Poll: Local schools up, Obama education plans down

SEATTLE — A new Gallup Poll has found fewer Americans approve of the job President Barack Obama is doing in support of public education, but they continue to have a highly favorable opinion of their local schools.

The drop in the president’s education approval ratings — as found in the random telephone poll of about 1,000 Americans in June — mirrored the drop in his general approval rating in other recent polls, said Shane Lopez, senior scientist in residence for Gallup.

The education poll released today was paid for by Phi Delta Kappa. It found 34 percent gave the president a grade of A or B for his work in support of public schools, compared with 45 percent at the same time in 2009. The poll has a sampling error margin of plus or minus 3 percentage points, except for questions asked of just parents, which have a sampling error margin of plus or minus 5 percentage points.

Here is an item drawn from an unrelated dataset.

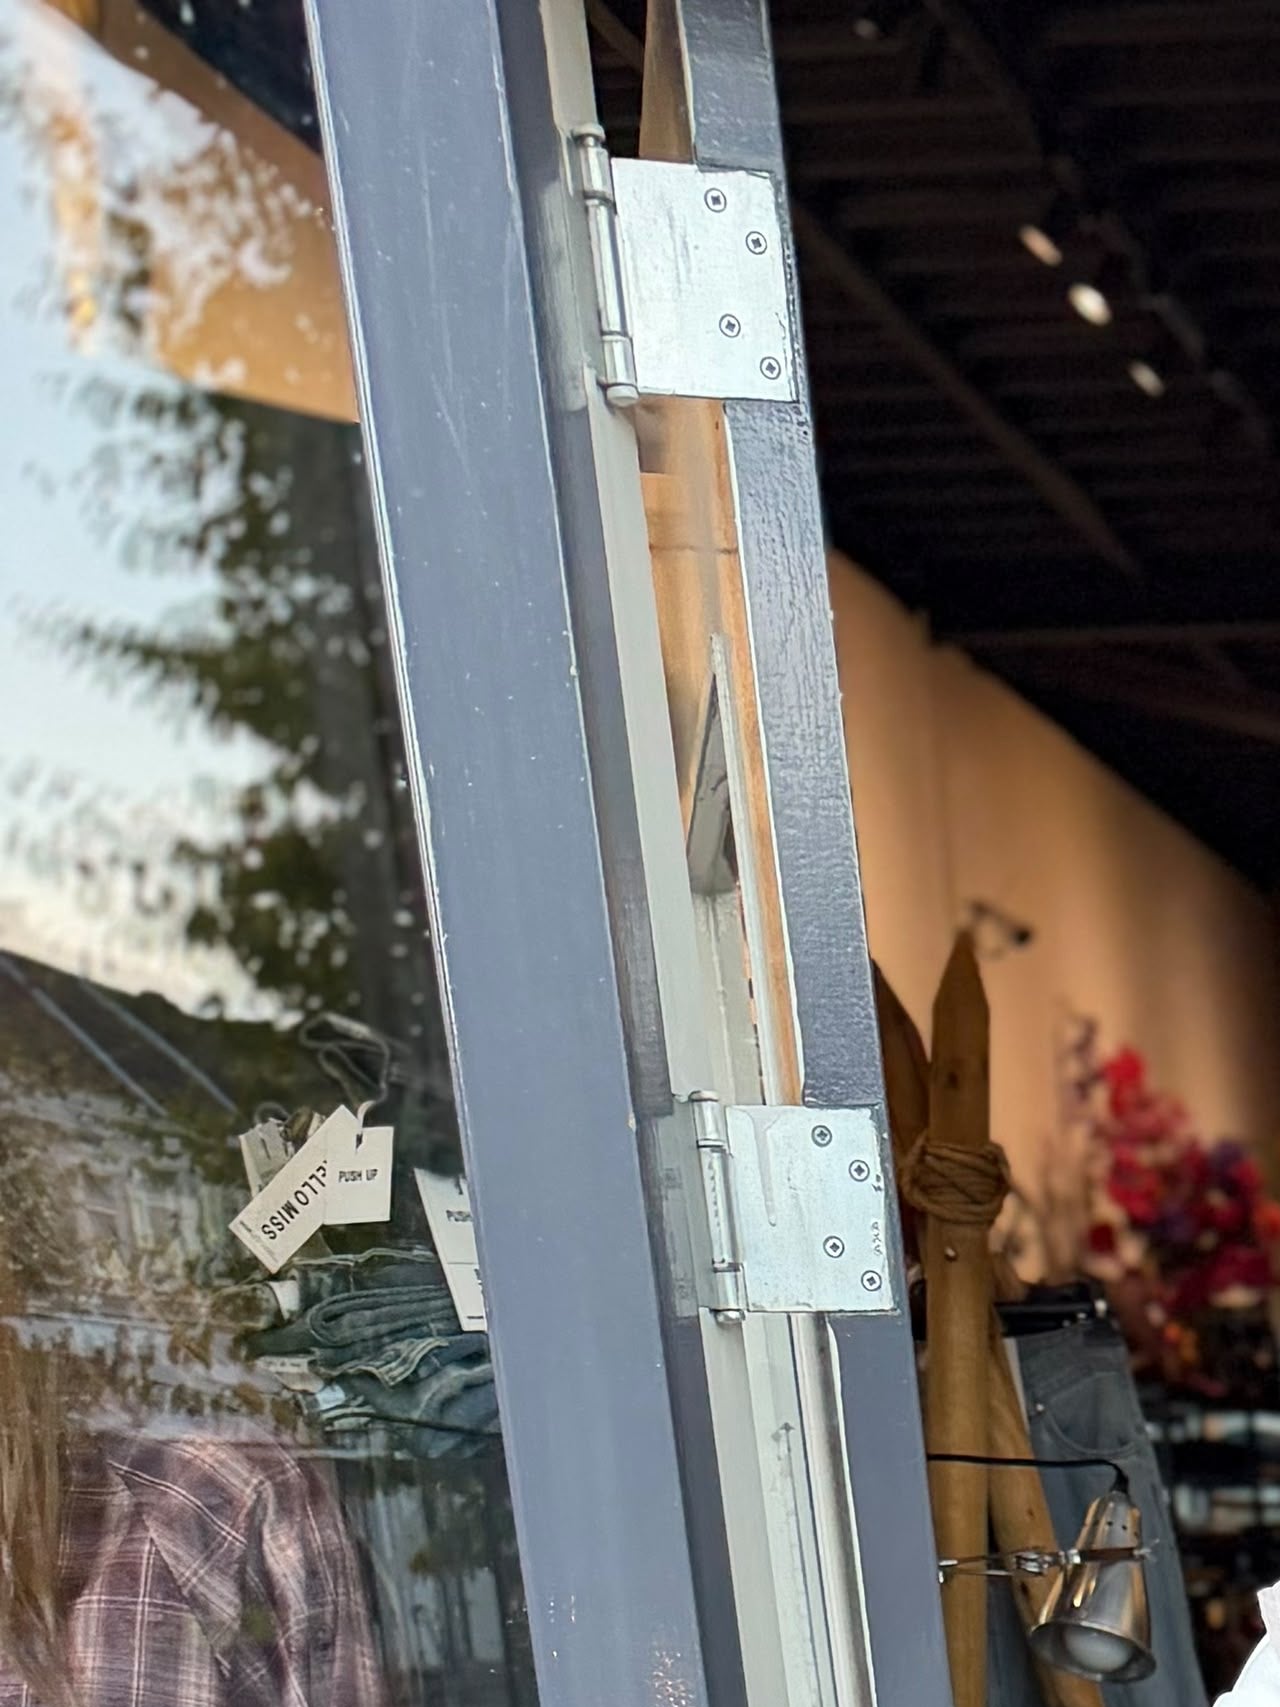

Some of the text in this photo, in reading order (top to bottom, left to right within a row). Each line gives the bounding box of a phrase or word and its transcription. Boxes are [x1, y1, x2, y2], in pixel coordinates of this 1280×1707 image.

Those polled gave even worse grades for the quality of the nation’s schools but said they approve of their local schools.

Americans picked school budgets and improving teacher quality as their top education issues but said they were mostly unaware of the impact of Congress’ stimulus dollars on education.

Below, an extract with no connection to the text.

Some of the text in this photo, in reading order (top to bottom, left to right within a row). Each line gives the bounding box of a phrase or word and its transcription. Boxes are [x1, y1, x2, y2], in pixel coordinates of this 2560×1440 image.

“We have a love affair with our local schools, especially the schools that our children attend,” Lopez said. But that doesn’t mean people have a deep knowledge of how schools get the money that makes them succeed, he added.

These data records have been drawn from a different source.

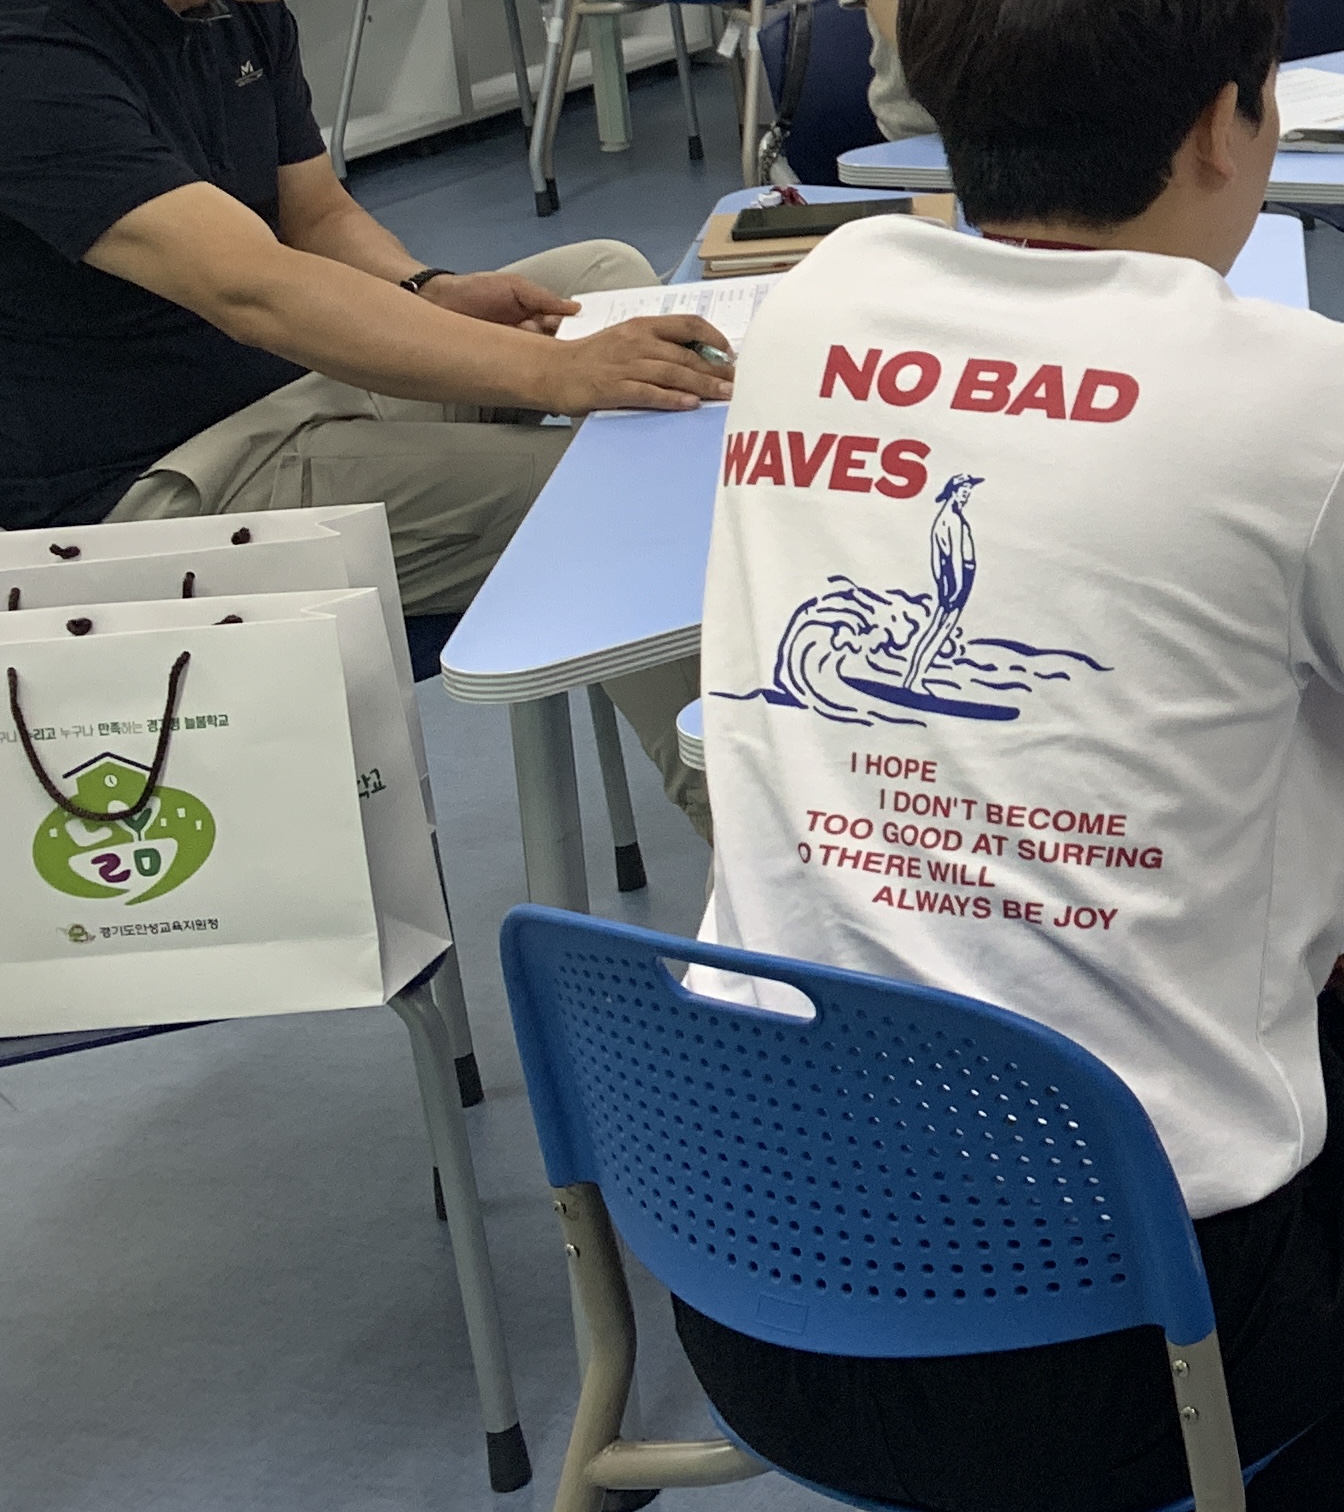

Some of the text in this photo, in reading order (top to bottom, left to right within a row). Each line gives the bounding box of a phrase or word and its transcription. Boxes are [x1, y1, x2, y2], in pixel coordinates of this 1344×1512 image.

[819, 345, 1140, 424] NO BAD
[724, 430, 932, 500] WAVES
[60, 724, 94, 738] 누구나
[184, 714, 229, 731] 늘봄학교
[851, 753, 938, 784] I HOPE
[879, 790, 1127, 837] I DON'T BECOME
[806, 810, 1163, 871] TOO GOOD AT SURFING
[818, 844, 922, 880] THERE
[926, 861, 996, 888] WILL
[872, 885, 1118, 931] ALWAYS BE JOY

Nearly half the people interviewed gave their local public schools an A or B for the quality of their work, and another 33 percent said local schools deserved a C. Only 5 percent of those polled said their local schools were failing.

The numbers were rosier when people were asked to judge the school their own child attended. About 77 percent said the school their oldest child attended deserved an A or B.

That’s the best grade people have given their local schools in the 41 years Phi Delta Kappa, which calls itself a global association of education professionals, has conducted its national poll on education, said Dan Domenech, executive director of the American Association of School Administrators.

When it comes to public schools in the nation as a whole, Americans are less satisfied, the poll found.

Only 18 percent said they would give the nation’s schools an A or B, with another 53 percent giving the nation’s schools a C. Only 6 percent said the nation’s schools were failing, but another 20 percent said they deserved a D.

“This is almost like ‘not in my backyard’ in reverse,” Domenech said. Americans love their neighborhood schools, but they think everybody else’s schools are failing, he said.

The PDK/Gallup poll has been criticized in previous years for framing its questions to validate the organization’s agenda — support for smaller classes and higher teacher pay and criticism of the No Child Left Behind law.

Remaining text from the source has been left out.